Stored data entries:
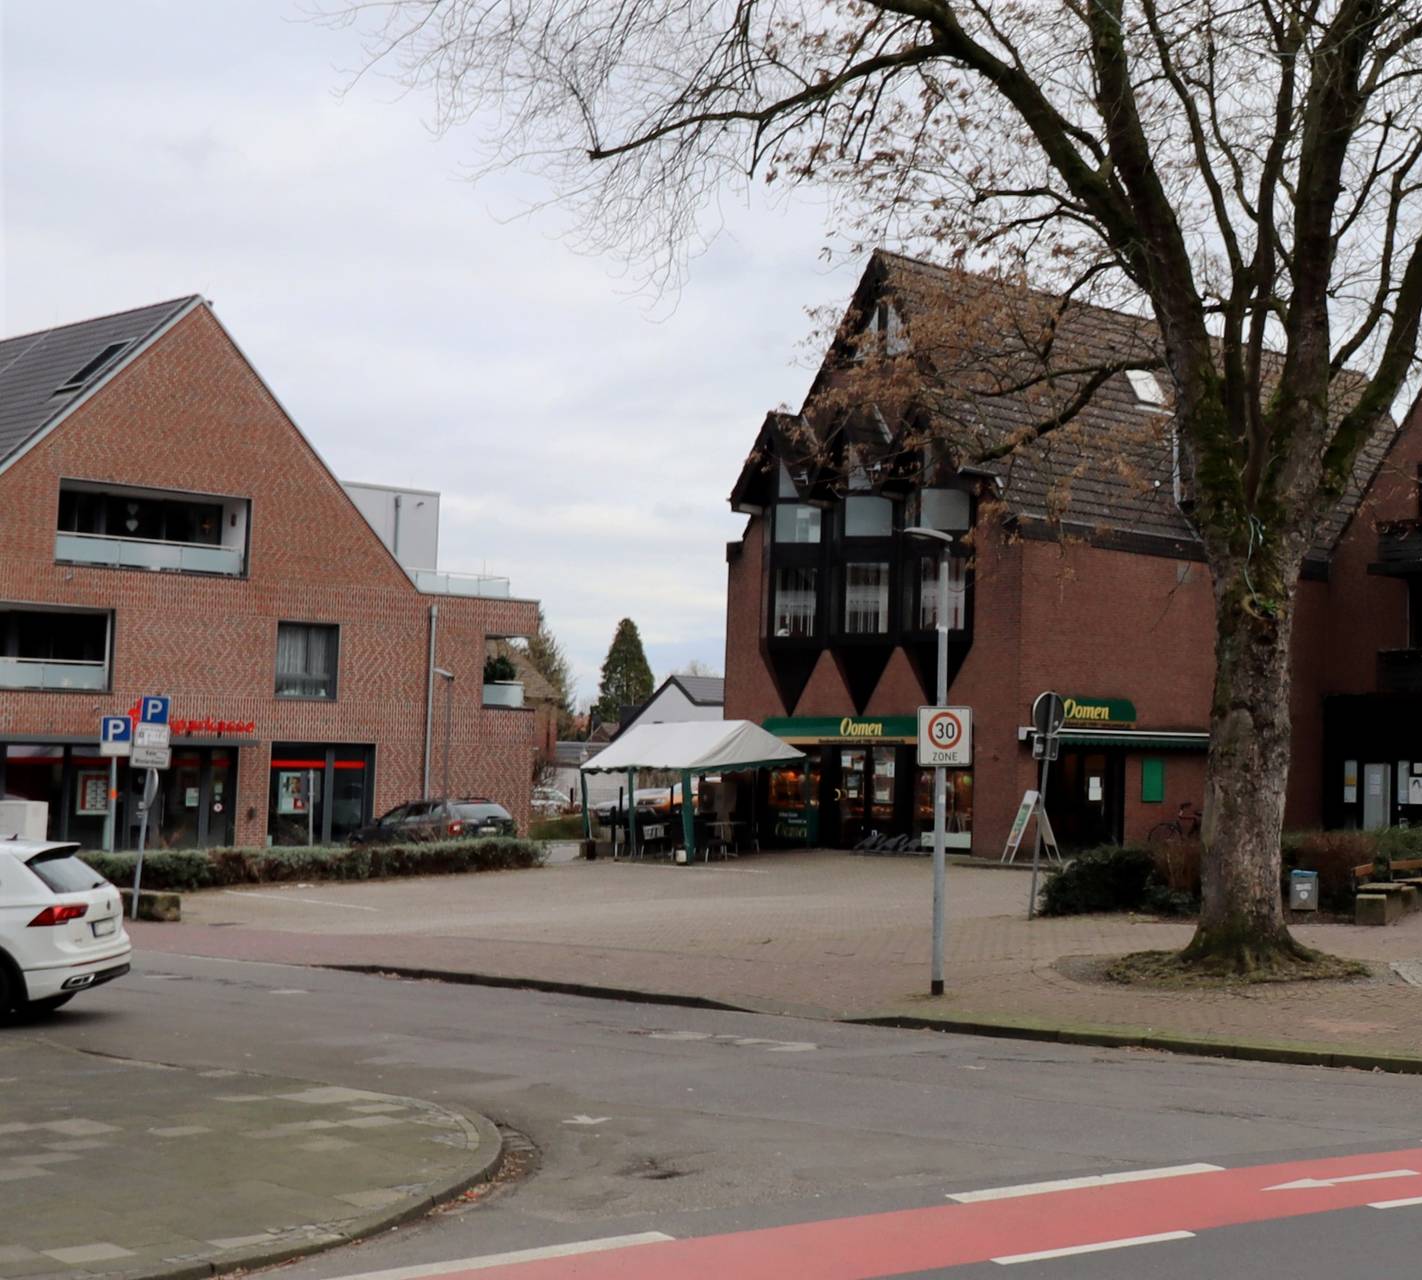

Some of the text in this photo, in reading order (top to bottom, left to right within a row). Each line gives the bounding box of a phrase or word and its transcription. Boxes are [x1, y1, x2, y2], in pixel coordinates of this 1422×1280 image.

[147, 699, 163, 721] P
[1063, 698, 1109, 720] Oomen
[108, 719, 125, 742] P
[840, 717, 883, 736] Oomen
[935, 722, 955, 740] 30
[932, 752, 959, 761] ZONE

WHAT TO DO:
Set out every record exactly, images excluded.

RESPONSE BELOW:
Some of the text in this photo, in reading order (top to bottom, left to right within a row). Each line gives the bounding box of a phrase or word and its transcription. Boxes are [x1, y1, x2, y2], in pixel coordinates of this 1422×1280 image.

[147, 699, 163, 721] P
[1063, 698, 1109, 720] Oomen
[108, 719, 125, 742] P
[840, 717, 883, 736] Oomen
[935, 722, 955, 740] 30
[932, 752, 959, 761] ZONE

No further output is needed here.